Heath declared: "My research into executions by lethal injection strongly indicates that executions have occurred where the full dose of sodium thiopental was not fully and properly administered. If an inmate does not receive the full dose of sodium thiopental because of errors or problems in administering the drug, the inmate might not be rendered unconscious and unable to feel pain, or alternatively might, because of the short-acting nature of sodium thiopental, regain consciousness during the execution".
The paralyzing drug, pancuronium bromide, however, freezes the inmates' muscles and facial expressions, making it impossible for them to show their agony. Hence the term, coined by Dr Heath, of the "chemical veil" that hides just how horrendous death by lethal injection can be.
The kicker of his testimony comes near the end: "All of these problems could easily be addressed, and indeed have been addressed for the euthanasia of dogs and cats."
But if you read these stories with a glimmer of hope that America, or at least the supreme court, has come to its senses and accepted the thorough, logical, duplicated studies conducted worldwide that for years have shown that capital punishment does not deter, is prohibitively expensive and more than occasionally kills the innocent, then think again. You might as well believe they teach evolution in the heart of Kansas.
The number of people executed in the US this year is likely to stay below 50 for the first time since 1996, but there's no reason to think that won't shoot back up whenever the court finally rules. Even if this formula of drugs is banned, there are others.

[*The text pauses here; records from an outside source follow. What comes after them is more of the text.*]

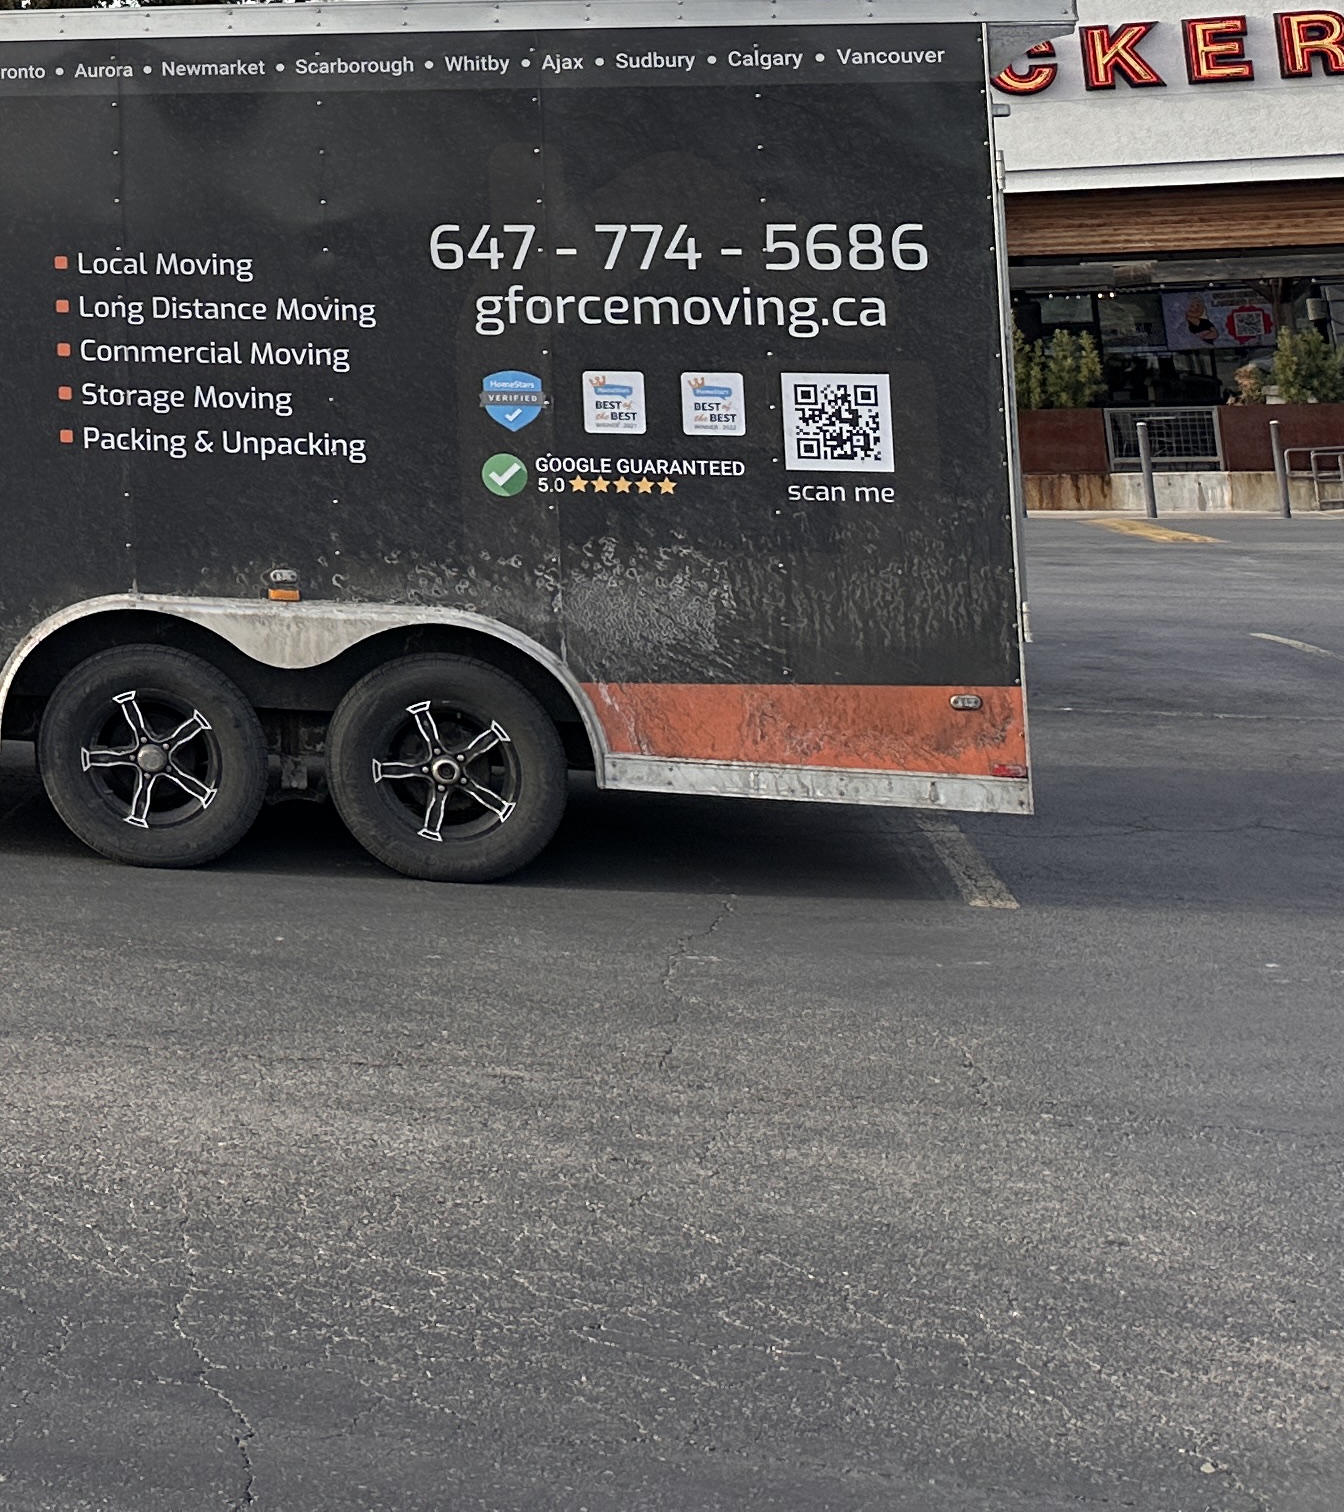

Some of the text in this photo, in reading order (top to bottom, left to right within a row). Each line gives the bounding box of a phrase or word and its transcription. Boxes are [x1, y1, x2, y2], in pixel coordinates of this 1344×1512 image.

[74, 63, 134, 79] Aurora
[161, 59, 266, 77] Newmarket
[295, 56, 414, 77] Scarborough
[444, 55, 510, 75] Whitby
[541, 54, 584, 74] Ajax
[615, 51, 696, 72] Sudbury
[727, 49, 804, 71] Calgary
[836, 48, 946, 66] Vancouver
[429, 224, 536, 270] 647
[594, 224, 703, 270] 774
[763, 223, 928, 271] 5686
[77, 253, 254, 283] Local Moving
[79, 296, 377, 328] Long Distance Moving
[475, 285, 887, 338] gforcemoving.ca
[80, 338, 351, 373] Commercial Moving
[489, 380, 535, 389] HomeStars
[81, 382, 293, 417] Storage Moving
[488, 394, 538, 402] VERIFIED
[595, 400, 622, 410] BEST
[694, 402, 721, 411] BEST
[610, 412, 638, 421] BEST
[709, 414, 737, 423] BEST
[83, 426, 367, 464] Packing & Unpacking
[535, 457, 746, 477] GOOGLE GUARANTEED
[537, 477, 566, 493] 5.0
[787, 483, 895, 503] scan me

Justice Antonin Scalia dissented from the Emmett decision, saying appeal courts might mistakenly assume that the decision to hear the Kentucky case amounted to a supreme court-imposed stay. Kent Scheidegger, legal director for the pro-death penalty Criminal Justice Legal Foundation immediately fretted that any moratorium, de facto or otherwise, would dilute deterrence and "cause more innocent people to die".

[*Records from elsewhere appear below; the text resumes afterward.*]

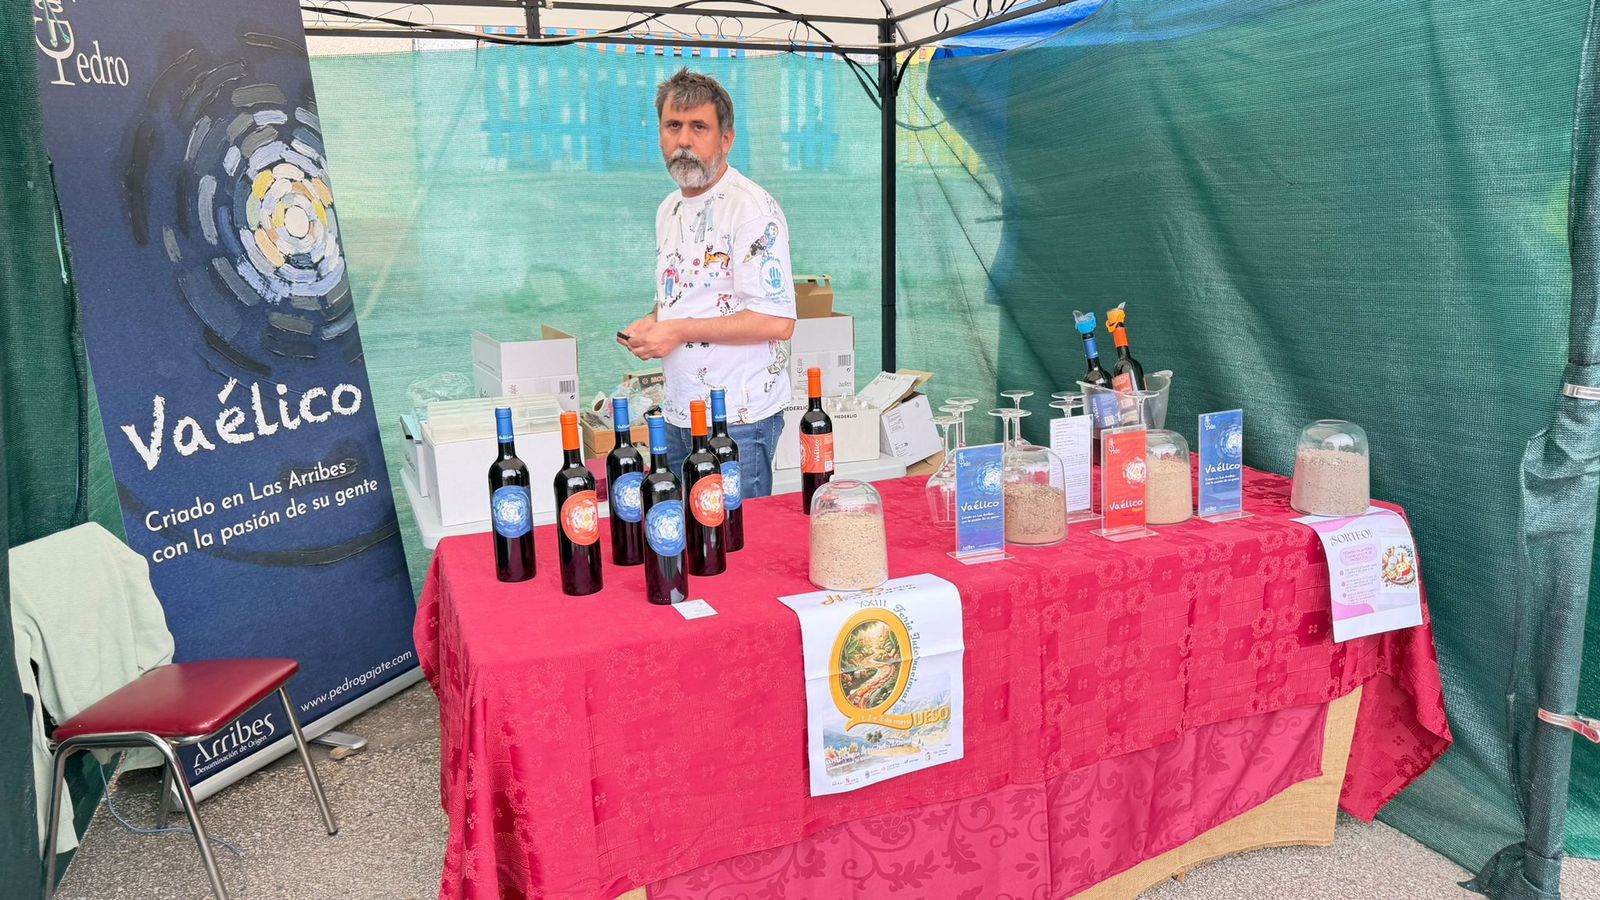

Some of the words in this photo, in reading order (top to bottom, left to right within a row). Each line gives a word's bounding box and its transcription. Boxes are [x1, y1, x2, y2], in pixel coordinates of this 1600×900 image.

[120, 377, 362, 471] Vaélico
[1205, 462, 1241, 474] Vaélico
[146, 496, 215, 532] Criado
[221, 492, 244, 509] en
[249, 482, 282, 501] Las
[289, 461, 347, 489] Arribes
[961, 500, 1000, 512] Vaélico
[1109, 499, 1143, 511] Vaélico
[152, 541, 188, 563] con
[193, 528, 213, 549] la
[220, 510, 280, 545] pasión
[286, 498, 307, 519] de
[312, 494, 330, 510] su
[335, 479, 378, 506] gente
[1329, 529, 1373, 547] ¡SORTEO!
[856, 599, 887, 608] XXIII
[893, 604, 914, 632] Feria
[300, 650, 412, 712] www.pedrogajate.com
[193, 713, 275, 768] Arribes
[194, 750, 239, 776] Denominación
[248, 735, 267, 748] Origen
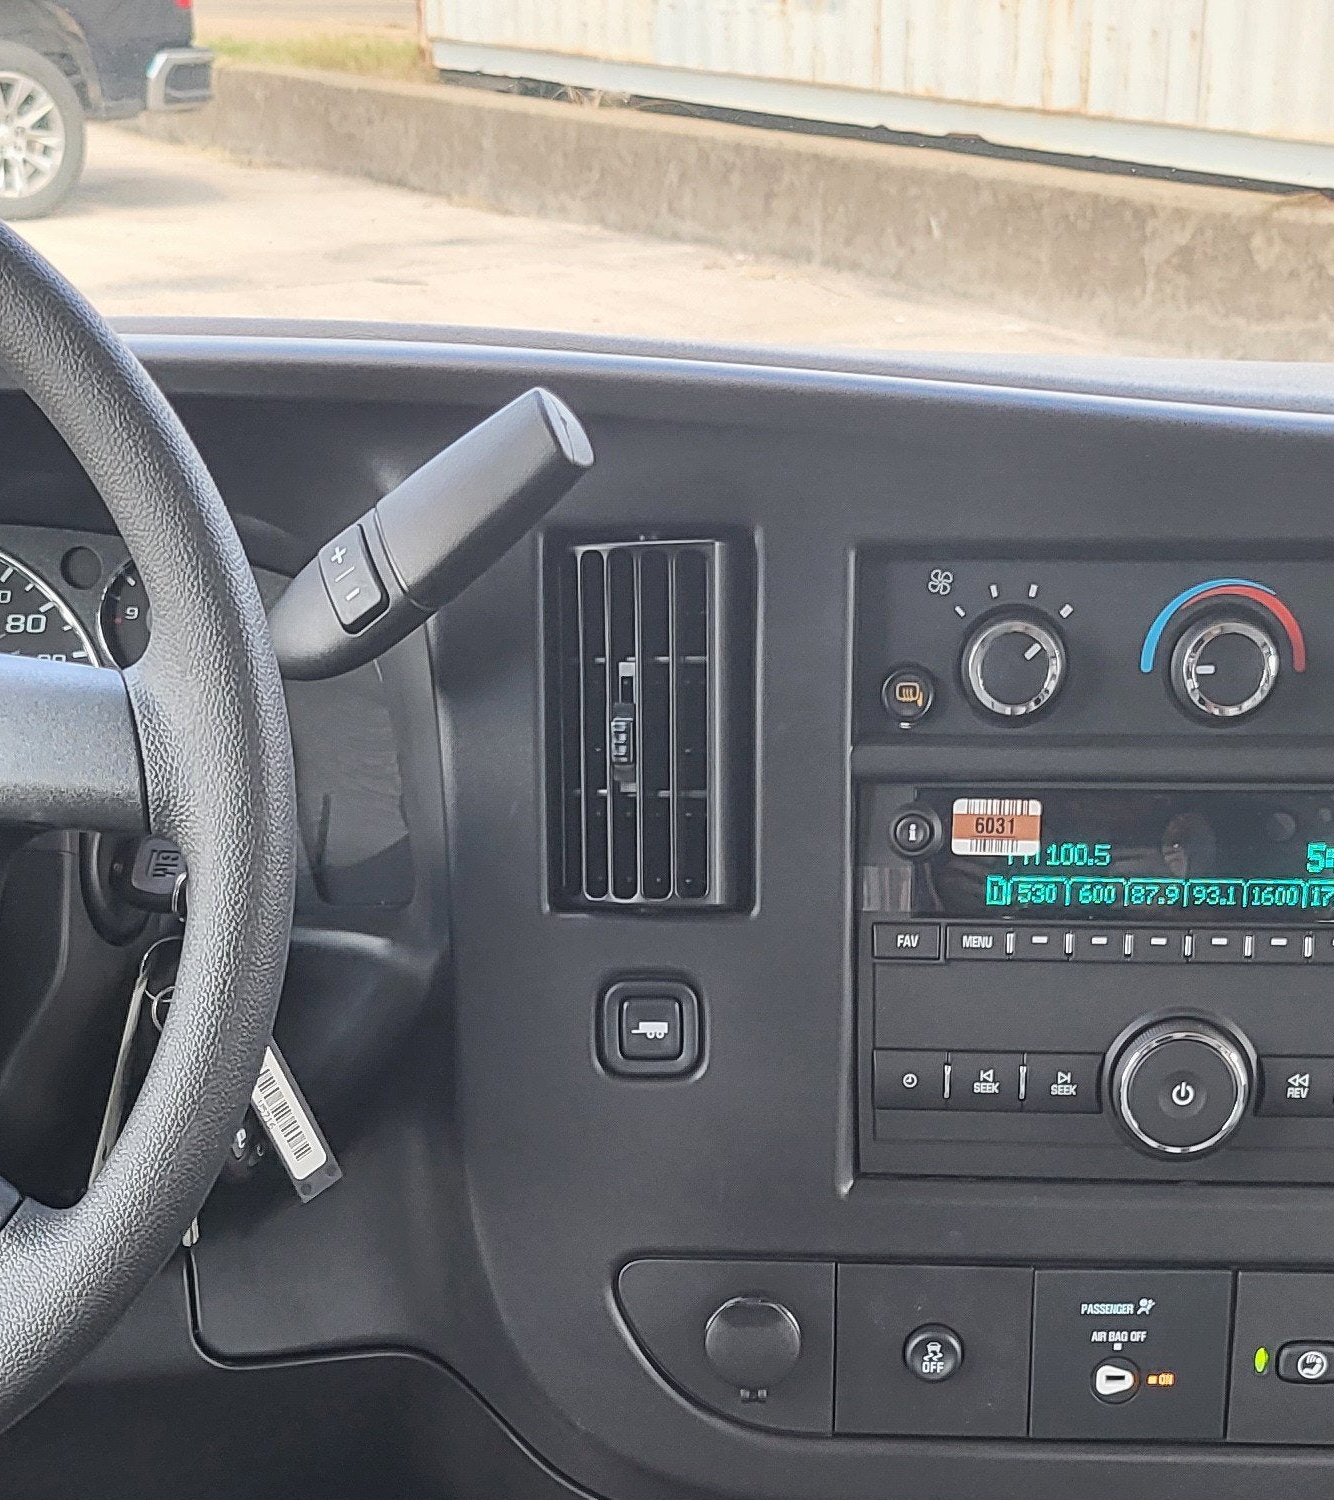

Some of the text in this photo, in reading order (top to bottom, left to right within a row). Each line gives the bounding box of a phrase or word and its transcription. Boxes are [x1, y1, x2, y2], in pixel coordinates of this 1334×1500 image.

It is, of course, beyond the realms of ridiculous to think that criminals who have until now been reining in their murderous impulses, will have read the court's ruling and, with a sigh of relief, decided they can now go on killing sprees. You can almost hear him: "Phew, now it's only life imprisonment. Where's my gun?"
This idiotic line of thought is a glimpse of just how irrationally wed Americans still are to the death penalty. Even here on America's "left coast", just over the Golden Gate Bridge from San Francisco at the infamous San Quentin prison, state lawmakers are planning a new $330m death row. There are already 622 inmates waiting for their lethal injection at San Quentin, but the new facility allows for growth, with plans for 768 cells.
For all the debate and opposition, there seems little likelihood of change. It's hardly at the top of the agenda for the presidential candidates. Heck, it's hardly on the agenda at all.
Still, I've never understood why the US, and the American right in particular, is so enamoured of the death penalty. The country will fall back on liberty as its core business, its unswerving goal, then decide that not even throwing away the key is sufficient punishment for murderers. The religious right will preach repentance, then whip out the syringe whether the inmate has made his peace with God, or not. The economic right will rail against government stepping into an individual's life to raise taxes, but it will support a government that steps in to take that individual's life.
As I say, there's no reason to believe change is in the air. But surely, surely, all these inconsistencies must one day unravel. Don't expect it soon, but as the brutality of lethal injection is revealed, and that execution method becomes as repellent as beheading or hanging, there must come a time when Americans realize there is no good, clean way to kill your fellow citizens.